● Task input:
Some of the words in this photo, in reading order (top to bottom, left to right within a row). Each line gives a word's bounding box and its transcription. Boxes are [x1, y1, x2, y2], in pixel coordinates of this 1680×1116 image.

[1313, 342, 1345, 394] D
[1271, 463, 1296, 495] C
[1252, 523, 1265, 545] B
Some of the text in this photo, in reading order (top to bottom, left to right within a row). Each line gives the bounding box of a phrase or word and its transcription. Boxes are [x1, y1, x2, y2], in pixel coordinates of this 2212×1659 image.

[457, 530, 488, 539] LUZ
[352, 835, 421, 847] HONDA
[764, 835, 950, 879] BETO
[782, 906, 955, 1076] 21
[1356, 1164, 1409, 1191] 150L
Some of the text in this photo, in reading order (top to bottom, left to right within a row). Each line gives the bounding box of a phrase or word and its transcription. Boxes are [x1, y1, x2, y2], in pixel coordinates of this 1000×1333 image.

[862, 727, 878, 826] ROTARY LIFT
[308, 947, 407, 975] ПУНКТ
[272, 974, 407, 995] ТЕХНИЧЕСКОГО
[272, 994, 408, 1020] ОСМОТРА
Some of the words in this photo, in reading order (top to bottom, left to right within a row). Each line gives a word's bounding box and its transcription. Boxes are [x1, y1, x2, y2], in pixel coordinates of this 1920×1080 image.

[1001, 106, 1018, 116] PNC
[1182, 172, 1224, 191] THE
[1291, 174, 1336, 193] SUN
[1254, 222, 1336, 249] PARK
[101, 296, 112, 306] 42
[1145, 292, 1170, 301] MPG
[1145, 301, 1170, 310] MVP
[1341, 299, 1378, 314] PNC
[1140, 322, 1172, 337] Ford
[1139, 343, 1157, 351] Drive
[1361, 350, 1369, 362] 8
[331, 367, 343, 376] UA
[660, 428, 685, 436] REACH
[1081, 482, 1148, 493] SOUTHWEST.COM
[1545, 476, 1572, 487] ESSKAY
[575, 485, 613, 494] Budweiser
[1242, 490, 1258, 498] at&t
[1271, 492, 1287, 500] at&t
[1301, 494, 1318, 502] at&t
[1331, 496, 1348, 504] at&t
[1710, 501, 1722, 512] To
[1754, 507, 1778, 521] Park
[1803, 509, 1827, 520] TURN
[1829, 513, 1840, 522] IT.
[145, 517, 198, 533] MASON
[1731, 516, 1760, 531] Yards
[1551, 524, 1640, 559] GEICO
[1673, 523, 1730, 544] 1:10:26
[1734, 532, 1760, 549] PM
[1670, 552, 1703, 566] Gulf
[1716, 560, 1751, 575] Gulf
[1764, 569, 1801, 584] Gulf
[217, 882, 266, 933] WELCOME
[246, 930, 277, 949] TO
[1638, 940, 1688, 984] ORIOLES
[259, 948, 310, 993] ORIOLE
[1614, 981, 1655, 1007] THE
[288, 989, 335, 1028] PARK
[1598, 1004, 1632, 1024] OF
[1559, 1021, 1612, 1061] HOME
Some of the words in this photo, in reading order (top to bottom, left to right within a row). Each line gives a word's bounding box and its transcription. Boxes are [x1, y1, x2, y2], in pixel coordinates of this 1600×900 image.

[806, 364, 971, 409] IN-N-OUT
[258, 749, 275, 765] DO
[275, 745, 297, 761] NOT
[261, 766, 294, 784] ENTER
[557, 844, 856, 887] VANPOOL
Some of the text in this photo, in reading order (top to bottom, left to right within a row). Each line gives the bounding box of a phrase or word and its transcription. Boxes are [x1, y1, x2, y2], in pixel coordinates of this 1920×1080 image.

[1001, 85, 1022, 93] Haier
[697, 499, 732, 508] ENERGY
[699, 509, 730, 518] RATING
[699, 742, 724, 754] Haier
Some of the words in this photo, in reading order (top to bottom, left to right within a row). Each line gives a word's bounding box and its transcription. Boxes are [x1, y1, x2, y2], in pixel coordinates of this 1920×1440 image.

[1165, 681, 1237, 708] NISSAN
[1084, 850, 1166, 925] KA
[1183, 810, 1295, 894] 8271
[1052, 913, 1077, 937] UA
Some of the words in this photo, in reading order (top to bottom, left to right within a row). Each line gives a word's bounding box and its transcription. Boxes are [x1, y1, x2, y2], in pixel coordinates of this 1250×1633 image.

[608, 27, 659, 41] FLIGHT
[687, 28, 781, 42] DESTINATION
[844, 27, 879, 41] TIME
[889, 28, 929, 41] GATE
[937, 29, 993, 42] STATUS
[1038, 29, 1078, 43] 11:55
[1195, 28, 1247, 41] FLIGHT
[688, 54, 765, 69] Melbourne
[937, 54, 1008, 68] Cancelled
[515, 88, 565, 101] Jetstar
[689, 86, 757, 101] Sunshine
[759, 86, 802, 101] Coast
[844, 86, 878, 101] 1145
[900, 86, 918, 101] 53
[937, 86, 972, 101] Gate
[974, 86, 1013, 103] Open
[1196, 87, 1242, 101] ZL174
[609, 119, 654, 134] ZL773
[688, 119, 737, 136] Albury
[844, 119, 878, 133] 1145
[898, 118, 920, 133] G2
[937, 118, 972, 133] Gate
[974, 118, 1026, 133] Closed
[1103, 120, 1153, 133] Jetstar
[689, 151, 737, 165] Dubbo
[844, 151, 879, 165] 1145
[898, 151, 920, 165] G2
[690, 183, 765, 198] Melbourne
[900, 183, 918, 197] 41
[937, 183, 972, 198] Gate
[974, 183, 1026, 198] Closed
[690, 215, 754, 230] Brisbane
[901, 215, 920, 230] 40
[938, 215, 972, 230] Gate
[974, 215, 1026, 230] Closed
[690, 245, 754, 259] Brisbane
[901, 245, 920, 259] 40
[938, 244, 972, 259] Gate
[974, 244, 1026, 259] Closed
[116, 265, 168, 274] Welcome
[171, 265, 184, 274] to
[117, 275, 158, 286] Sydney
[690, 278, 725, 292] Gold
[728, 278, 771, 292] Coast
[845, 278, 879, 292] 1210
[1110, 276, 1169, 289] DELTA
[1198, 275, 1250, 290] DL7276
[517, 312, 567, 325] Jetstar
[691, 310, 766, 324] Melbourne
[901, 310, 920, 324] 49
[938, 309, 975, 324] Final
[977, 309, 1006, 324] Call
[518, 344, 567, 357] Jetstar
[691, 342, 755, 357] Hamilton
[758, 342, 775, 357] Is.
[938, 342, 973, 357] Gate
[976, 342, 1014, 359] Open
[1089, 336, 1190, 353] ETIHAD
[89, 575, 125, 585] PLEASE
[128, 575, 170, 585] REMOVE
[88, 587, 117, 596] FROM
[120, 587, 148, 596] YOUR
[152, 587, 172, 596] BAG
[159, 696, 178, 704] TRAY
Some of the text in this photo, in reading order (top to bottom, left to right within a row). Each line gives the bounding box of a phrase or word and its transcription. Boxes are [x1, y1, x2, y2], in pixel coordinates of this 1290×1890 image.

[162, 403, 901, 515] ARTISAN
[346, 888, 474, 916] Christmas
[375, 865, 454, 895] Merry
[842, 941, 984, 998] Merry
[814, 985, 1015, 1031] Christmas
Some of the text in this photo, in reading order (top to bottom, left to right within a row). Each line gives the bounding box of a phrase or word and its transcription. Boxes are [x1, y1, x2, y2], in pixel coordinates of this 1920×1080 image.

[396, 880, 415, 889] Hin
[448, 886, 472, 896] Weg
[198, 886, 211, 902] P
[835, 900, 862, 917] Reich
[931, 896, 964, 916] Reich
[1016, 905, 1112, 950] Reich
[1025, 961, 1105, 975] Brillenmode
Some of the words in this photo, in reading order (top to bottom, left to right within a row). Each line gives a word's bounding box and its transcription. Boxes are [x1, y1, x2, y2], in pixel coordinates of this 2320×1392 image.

● Exercise:
All records must be repeated exactly, with none skipped.

● Result:
Some of the words in this photo, in reading order (top to bottom, left to right within a row). Each line gives a word's bounding box and its transcription. Boxes are [x1, y1, x2, y2], in pixel coordinates of this 1680×1116 image.

[1313, 342, 1345, 394] D
[1271, 463, 1296, 495] C
[1252, 523, 1265, 545] B
Some of the text in this photo, in reading order (top to bottom, left to right within a row). Each line gives the bounding box of a phrase or word and its transcription. Boxes are [x1, y1, x2, y2], in pixel coordinates of this 2212×1659 image.

[457, 530, 488, 539] LUZ
[352, 835, 421, 847] HONDA
[764, 835, 950, 879] BETO
[782, 906, 955, 1076] 21
[1356, 1164, 1409, 1191] 150L
Some of the text in this photo, in reading order (top to bottom, left to right within a row). Each line gives the bounding box of a phrase or word and its transcription. Boxes are [x1, y1, x2, y2], in pixel coordinates of this 1000×1333 image.

[862, 727, 878, 826] ROTARY LIFT
[308, 947, 407, 975] ПУНКТ
[272, 974, 407, 995] ТЕХНИЧЕСКОГО
[272, 994, 408, 1020] ОСМОТРА
Some of the words in this photo, in reading order (top to bottom, left to right within a row). Each line gives a word's bounding box and its transcription. Boxes are [x1, y1, x2, y2], in pixel coordinates of this 1920×1080 image.

[1001, 106, 1018, 116] PNC
[1182, 172, 1224, 191] THE
[1291, 174, 1336, 193] SUN
[1254, 222, 1336, 249] PARK
[101, 296, 112, 306] 42
[1145, 292, 1170, 301] MPG
[1145, 301, 1170, 310] MVP
[1341, 299, 1378, 314] PNC
[1140, 322, 1172, 337] Ford
[1139, 343, 1157, 351] Drive
[1361, 350, 1369, 362] 8
[331, 367, 343, 376] UA
[660, 428, 685, 436] REACH
[1081, 482, 1148, 493] SOUTHWEST.COM
[1545, 476, 1572, 487] ESSKAY
[575, 485, 613, 494] Budweiser
[1242, 490, 1258, 498] at&t
[1271, 492, 1287, 500] at&t
[1301, 494, 1318, 502] at&t
[1331, 496, 1348, 504] at&t
[1710, 501, 1722, 512] To
[1754, 507, 1778, 521] Park
[1803, 509, 1827, 520] TURN
[1829, 513, 1840, 522] IT.
[145, 517, 198, 533] MASON
[1731, 516, 1760, 531] Yards
[1551, 524, 1640, 559] GEICO
[1673, 523, 1730, 544] 1:10:26
[1734, 532, 1760, 549] PM
[1670, 552, 1703, 566] Gulf
[1716, 560, 1751, 575] Gulf
[1764, 569, 1801, 584] Gulf
[217, 882, 266, 933] WELCOME
[246, 930, 277, 949] TO
[1638, 940, 1688, 984] ORIOLES
[259, 948, 310, 993] ORIOLE
[1614, 981, 1655, 1007] THE
[288, 989, 335, 1028] PARK
[1598, 1004, 1632, 1024] OF
[1559, 1021, 1612, 1061] HOME
Some of the words in this photo, in reading order (top to bottom, left to right within a row). Each line gives a word's bounding box and its transcription. Boxes are [x1, y1, x2, y2], in pixel coordinates of this 1600×900 image.

[806, 364, 971, 409] IN-N-OUT
[258, 749, 275, 765] DO
[275, 745, 297, 761] NOT
[261, 766, 294, 784] ENTER
[557, 844, 856, 887] VANPOOL
Some of the text in this photo, in reading order (top to bottom, left to right within a row). Each line gives the bounding box of a phrase or word and its transcription. Boxes are [x1, y1, x2, y2], in pixel coordinates of this 1920×1080 image.

[1001, 85, 1022, 93] Haier
[697, 499, 732, 508] ENERGY
[699, 509, 730, 518] RATING
[699, 742, 724, 754] Haier
Some of the words in this photo, in reading order (top to bottom, left to right within a row). Each line gives a word's bounding box and its transcription. Boxes are [x1, y1, x2, y2], in pixel coordinates of this 1920×1440 image.

[1165, 681, 1237, 708] NISSAN
[1084, 850, 1166, 925] KA
[1183, 810, 1295, 894] 8271
[1052, 913, 1077, 937] UA
Some of the words in this photo, in reading order (top to bottom, left to right within a row). Each line gives a word's bounding box and its transcription. Boxes are [x1, y1, x2, y2], in pixel coordinates of this 1250×1633 image.

[608, 27, 659, 41] FLIGHT
[687, 28, 781, 42] DESTINATION
[844, 27, 879, 41] TIME
[889, 28, 929, 41] GATE
[937, 29, 993, 42] STATUS
[1038, 29, 1078, 43] 11:55
[1195, 28, 1247, 41] FLIGHT
[688, 54, 765, 69] Melbourne
[937, 54, 1008, 68] Cancelled
[515, 88, 565, 101] Jetstar
[689, 86, 757, 101] Sunshine
[759, 86, 802, 101] Coast
[844, 86, 878, 101] 1145
[900, 86, 918, 101] 53
[937, 86, 972, 101] Gate
[974, 86, 1013, 103] Open
[1196, 87, 1242, 101] ZL174
[609, 119, 654, 134] ZL773
[688, 119, 737, 136] Albury
[844, 119, 878, 133] 1145
[898, 118, 920, 133] G2
[937, 118, 972, 133] Gate
[974, 118, 1026, 133] Closed
[1103, 120, 1153, 133] Jetstar
[689, 151, 737, 165] Dubbo
[844, 151, 879, 165] 1145
[898, 151, 920, 165] G2
[690, 183, 765, 198] Melbourne
[900, 183, 918, 197] 41
[937, 183, 972, 198] Gate
[974, 183, 1026, 198] Closed
[690, 215, 754, 230] Brisbane
[901, 215, 920, 230] 40
[938, 215, 972, 230] Gate
[974, 215, 1026, 230] Closed
[690, 245, 754, 259] Brisbane
[901, 245, 920, 259] 40
[938, 244, 972, 259] Gate
[974, 244, 1026, 259] Closed
[116, 265, 168, 274] Welcome
[171, 265, 184, 274] to
[117, 275, 158, 286] Sydney
[690, 278, 725, 292] Gold
[728, 278, 771, 292] Coast
[845, 278, 879, 292] 1210
[1110, 276, 1169, 289] DELTA
[1198, 275, 1250, 290] DL7276
[517, 312, 567, 325] Jetstar
[691, 310, 766, 324] Melbourne
[901, 310, 920, 324] 49
[938, 309, 975, 324] Final
[977, 309, 1006, 324] Call
[518, 344, 567, 357] Jetstar
[691, 342, 755, 357] Hamilton
[758, 342, 775, 357] Is.
[938, 342, 973, 357] Gate
[976, 342, 1014, 359] Open
[1089, 336, 1190, 353] ETIHAD
[89, 575, 125, 585] PLEASE
[128, 575, 170, 585] REMOVE
[88, 587, 117, 596] FROM
[120, 587, 148, 596] YOUR
[152, 587, 172, 596] BAG
[159, 696, 178, 704] TRAY
Some of the text in this photo, in reading order (top to bottom, left to right within a row). Each line gives the bounding box of a phrase or word and its transcription. Boxes are [x1, y1, x2, y2], in pixel coordinates of this 1290×1890 image.

[162, 403, 901, 515] ARTISAN
[346, 888, 474, 916] Christmas
[375, 865, 454, 895] Merry
[842, 941, 984, 998] Merry
[814, 985, 1015, 1031] Christmas
Some of the text in this photo, in reading order (top to bottom, left to right within a row). Each line gives the bounding box of a phrase or word and its transcription. Boxes are [x1, y1, x2, y2], in pixel coordinates of this 1920×1080 image.

[396, 880, 415, 889] Hin
[448, 886, 472, 896] Weg
[198, 886, 211, 902] P
[835, 900, 862, 917] Reich
[931, 896, 964, 916] Reich
[1016, 905, 1112, 950] Reich
[1025, 961, 1105, 975] Brillenmode
Some of the words in this photo, in reading order (top to bottom, left to right within a row). Each line gives a word's bounding box and its transcription. Boxes are [x1, y1, x2, y2], in pixel coordinates of this 2320×1392 image.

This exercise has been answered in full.